--- START ---

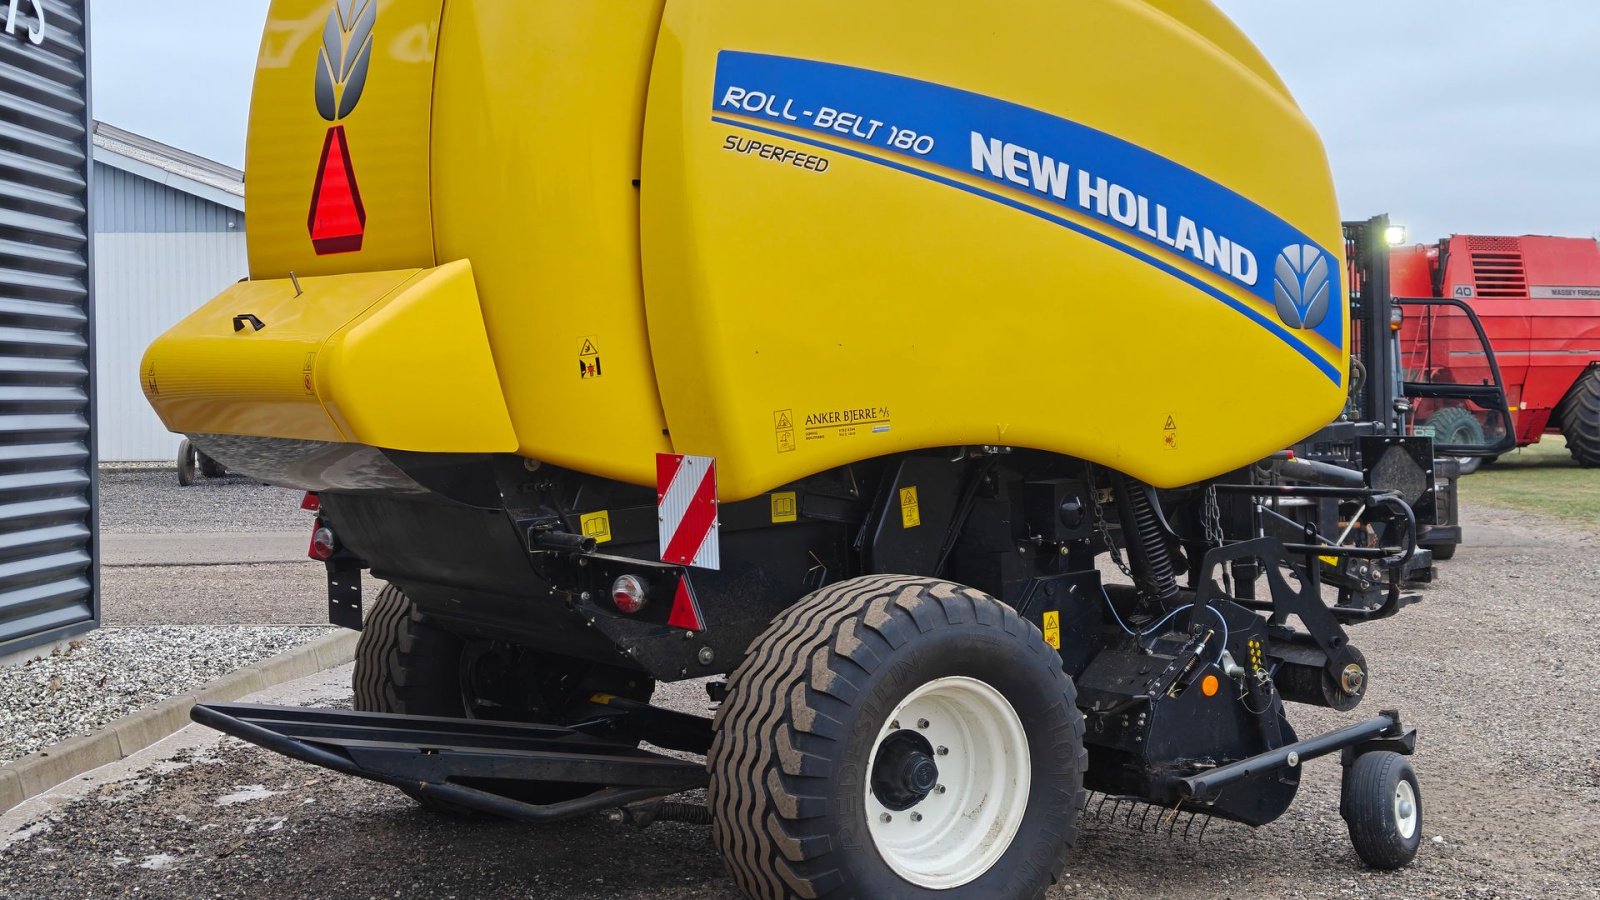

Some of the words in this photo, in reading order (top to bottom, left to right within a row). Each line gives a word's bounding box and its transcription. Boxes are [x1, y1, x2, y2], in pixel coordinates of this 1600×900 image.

[886, 125, 936, 156] 180
[722, 135, 830, 173] SUPERFEED
[970, 130, 1070, 200] NEW
[1078, 169, 1259, 287] HOLLAND
[1455, 286, 1472, 297] 40
[1551, 289, 1576, 297] MASSEY
[805, 412, 841, 425] ANKER
[844, 408, 877, 423] BJERRE
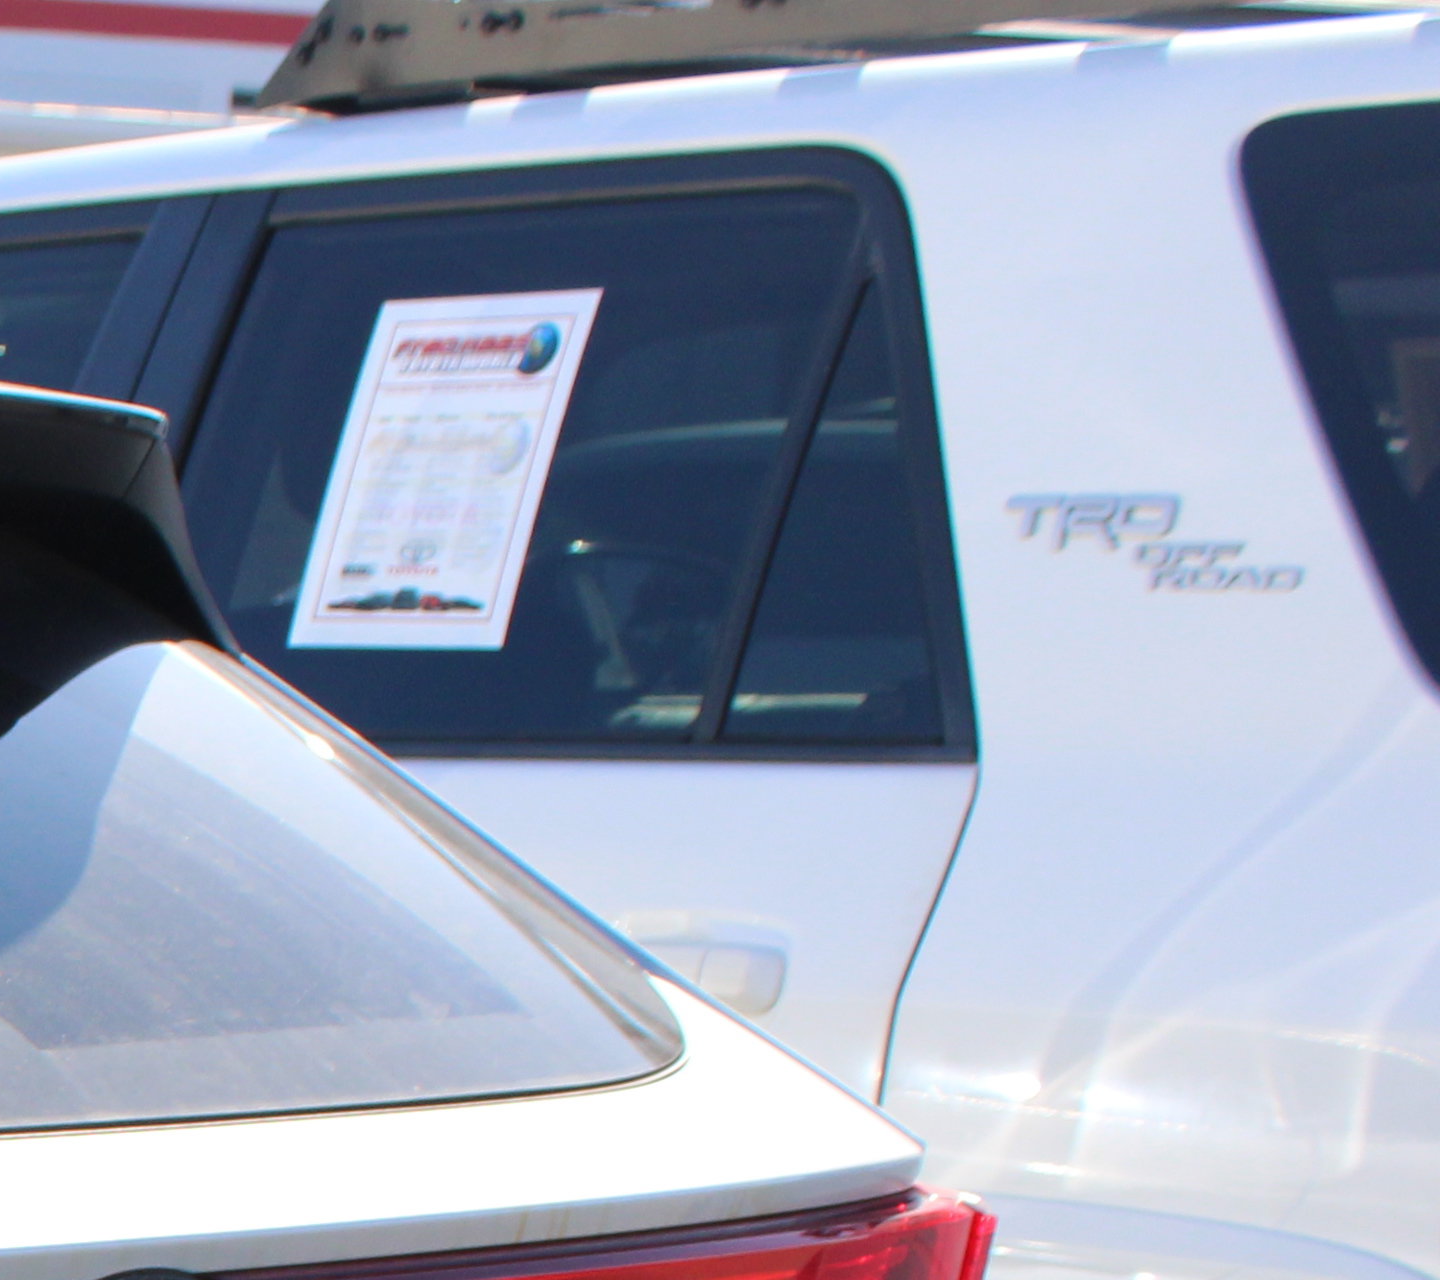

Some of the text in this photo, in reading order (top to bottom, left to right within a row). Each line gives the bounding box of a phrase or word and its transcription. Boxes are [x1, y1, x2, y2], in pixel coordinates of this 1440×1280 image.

[1005, 493, 1182, 552] TRD
[1133, 540, 1247, 568] OFF
[1148, 565, 1306, 593] ROAD
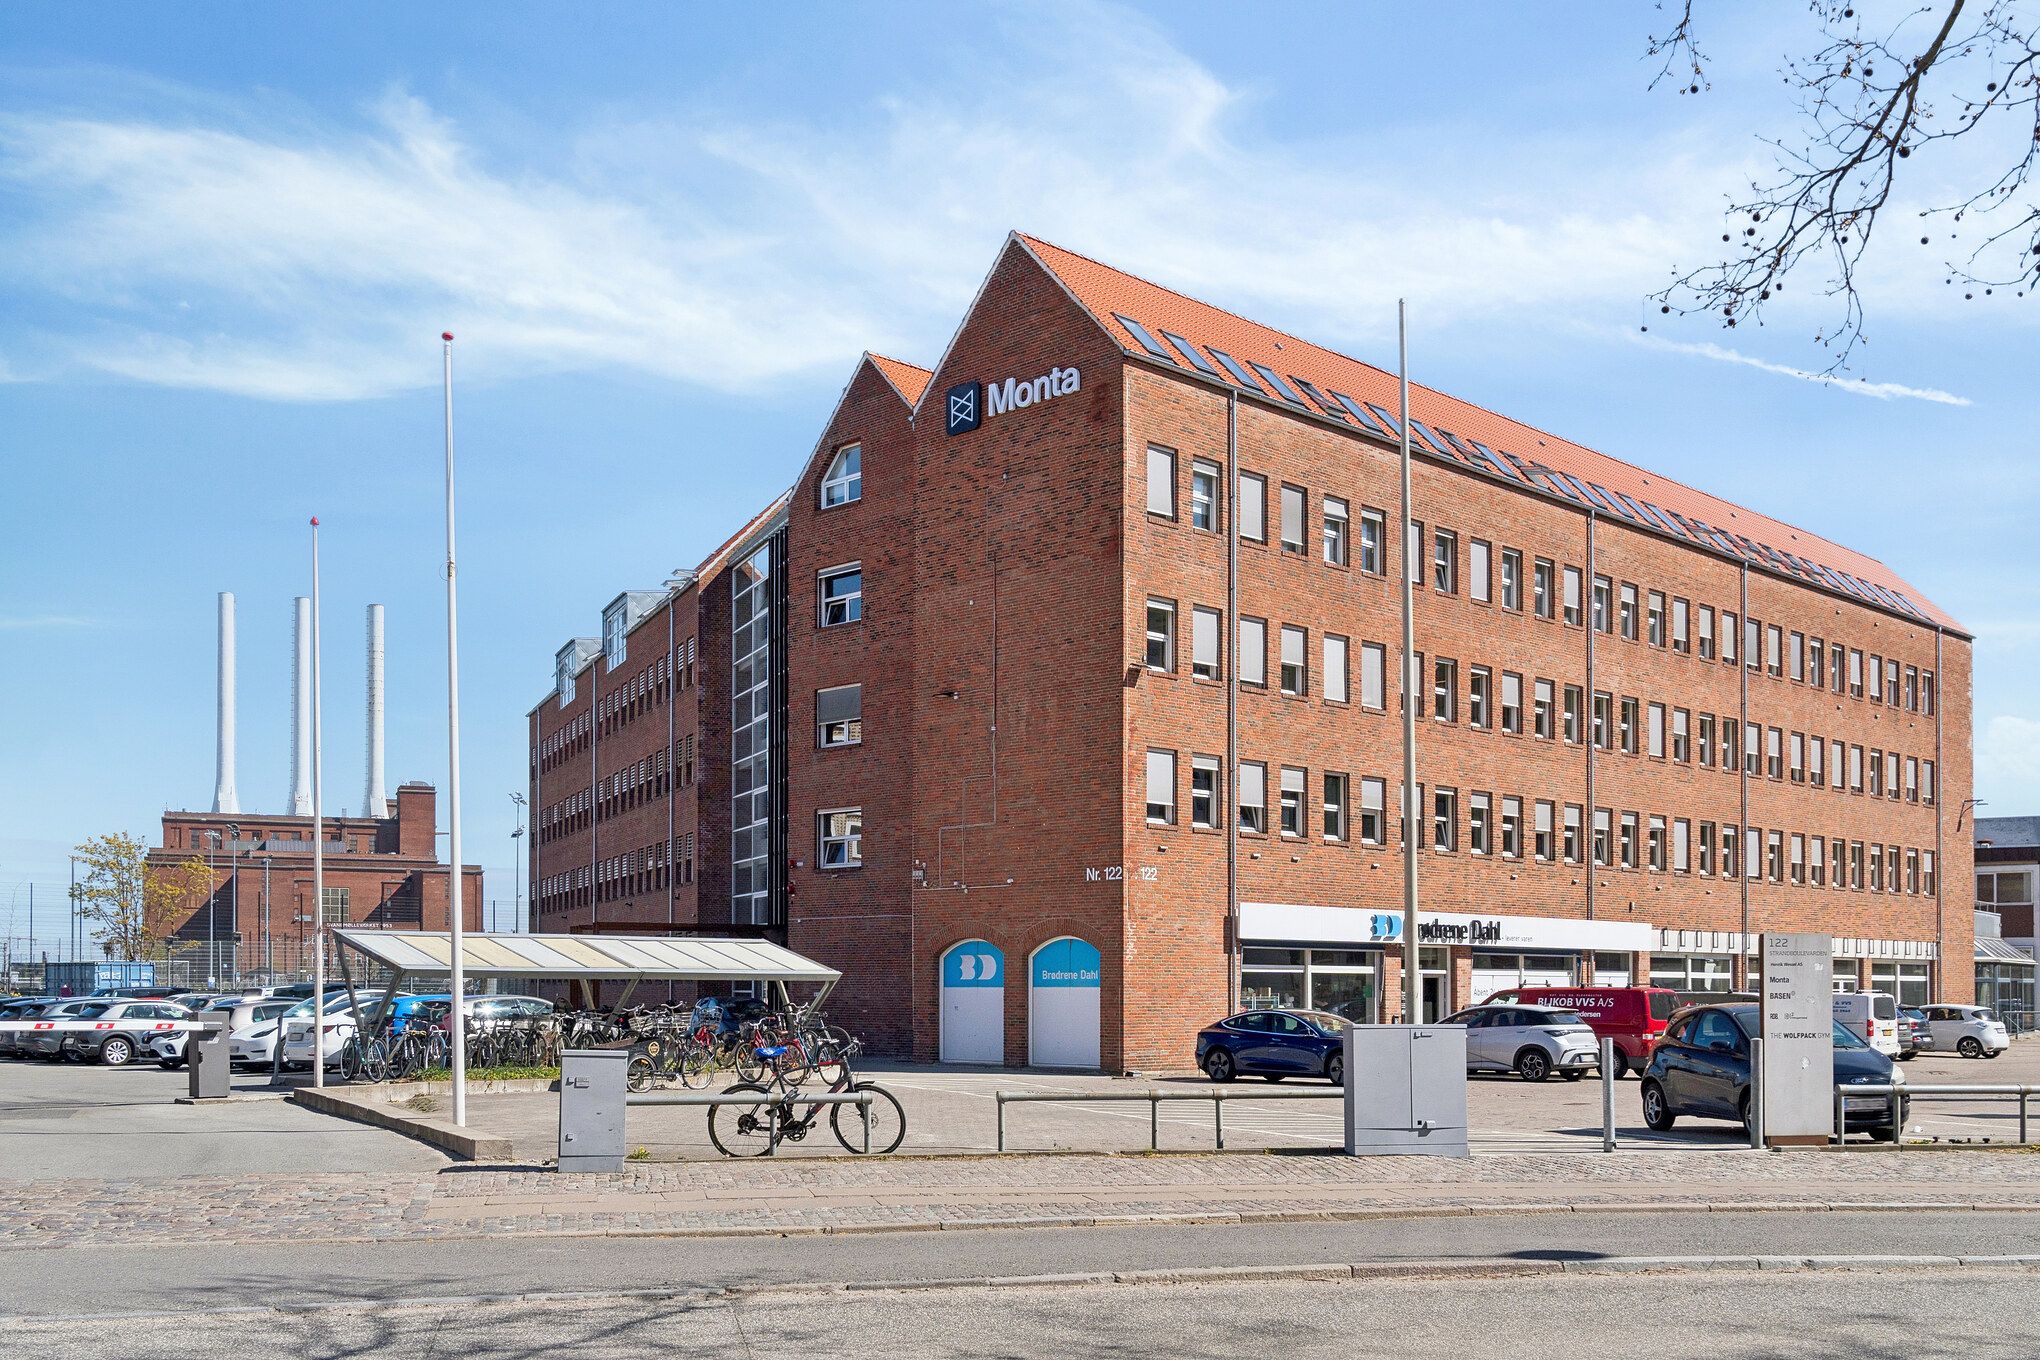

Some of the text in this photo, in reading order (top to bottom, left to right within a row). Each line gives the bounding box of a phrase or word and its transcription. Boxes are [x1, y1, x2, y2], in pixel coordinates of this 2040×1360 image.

[987, 366, 1081, 417] Monta
[1086, 866, 1123, 881] Nr. 122
[1140, 866, 1158, 881] 122
[1470, 919, 1501, 942] Dahl
[1769, 938, 1788, 948] 122
[1080, 969, 1099, 980] Dahl
[1769, 976, 1790, 984] Monta
[1575, 997, 1595, 1007] VVS
[1597, 997, 1614, 1008] A/S
[1783, 1032, 1817, 1040] WOLFPACK
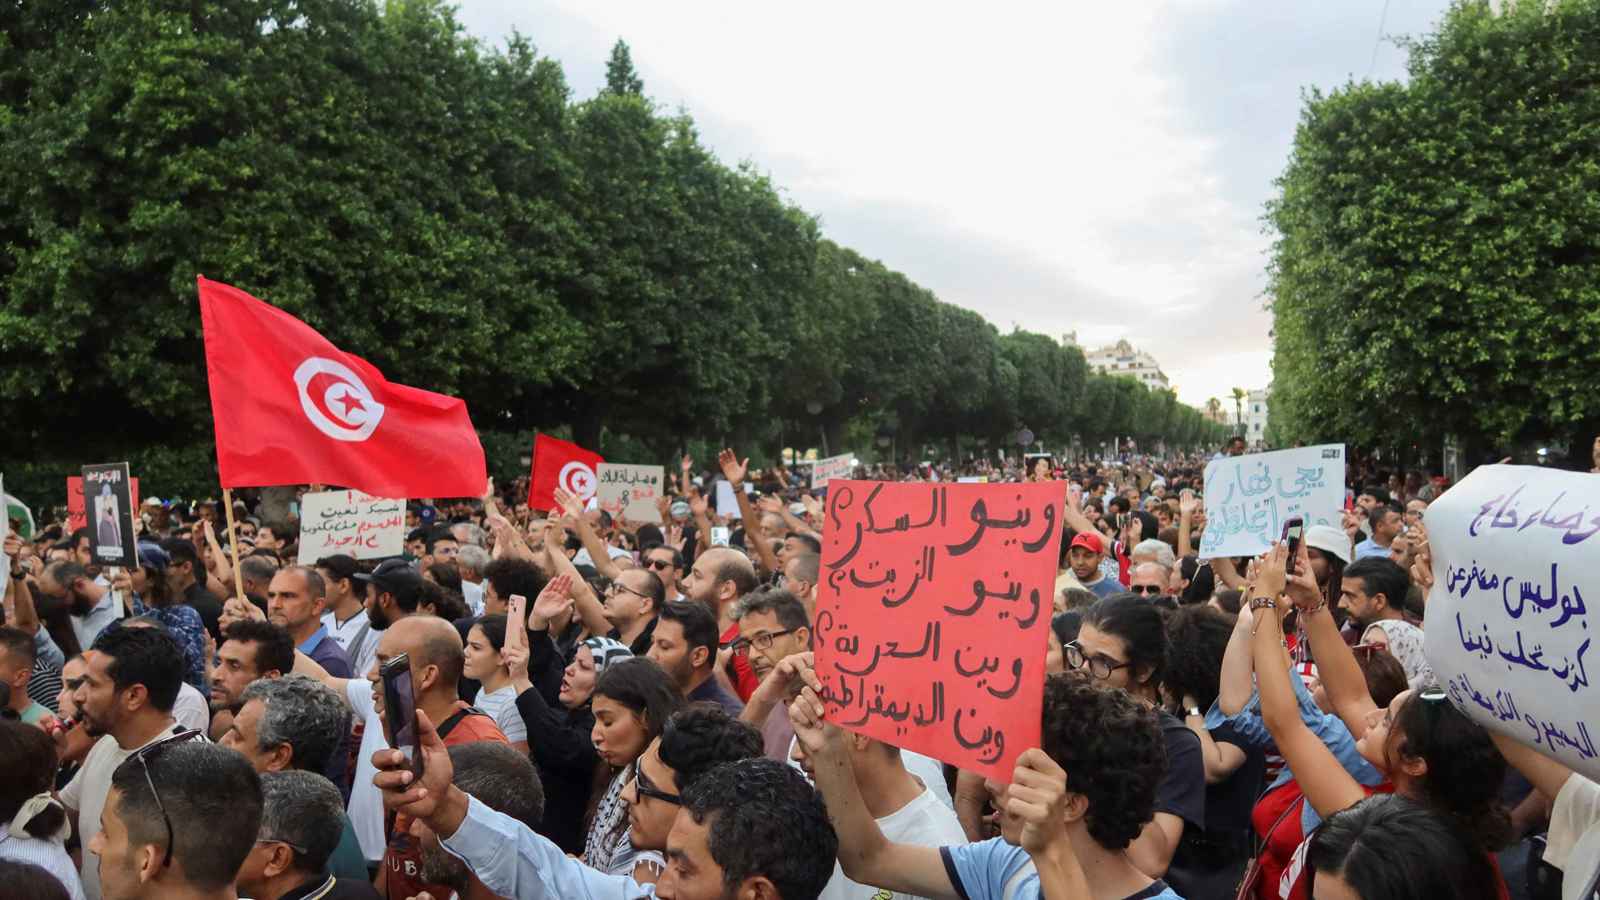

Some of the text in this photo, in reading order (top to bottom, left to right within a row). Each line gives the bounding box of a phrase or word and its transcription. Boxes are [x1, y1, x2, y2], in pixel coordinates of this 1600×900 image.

[945, 493, 1056, 556] وينو
[943, 571, 1041, 630] وينو
[1503, 562, 1588, 630] بوليس
[953, 646, 1023, 700] وين
[953, 707, 1006, 764] وين

--- END ---

■ Try it:
From the line containing "this 1440×1280 image." through the last line of the records, both included, output those lines exactly and nothing else; skip the pictures.

■ Completed exercise:
Some of the text in this photo, in reading order (top to bottom, left to right within a row). Each line gives the bounding box of a phrase or word and its transcription. Boxes are [x1, y1, x2, y2], in pixel coordinates of this 1440×1280 image.

[1005, 493, 1182, 552] TRD
[1133, 540, 1247, 568] OFF
[1148, 565, 1306, 593] ROAD

Some of the text in this photo, in reading order (top to bottom, left to right within a row). Each line gives the bounding box of a phrase or word and its transcription. Boxes are [x1, y1, x2, y2], in pixel coordinates of this 2040×1360 image.

[987, 366, 1081, 417] Monta
[1086, 866, 1123, 881] Nr. 122
[1140, 866, 1158, 881] 122
[1470, 919, 1501, 942] Dahl
[1769, 938, 1788, 948] 122
[1080, 969, 1099, 980] Dahl
[1769, 976, 1790, 984] Monta
[1575, 997, 1595, 1007] VVS
[1597, 997, 1614, 1008] A/S
[1783, 1032, 1817, 1040] WOLFPACK

Some of the text in this photo, in reading order (top to bottom, left to right within a row). Each line gives the bounding box of a phrase or word and its transcription. Boxes are [x1, y1, x2, y2], in pixel coordinates of this 1600×900 image.

[945, 493, 1056, 556] وينو
[943, 571, 1041, 630] وينو
[1503, 562, 1588, 630] بوليس
[953, 646, 1023, 700] وين
[953, 707, 1006, 764] وين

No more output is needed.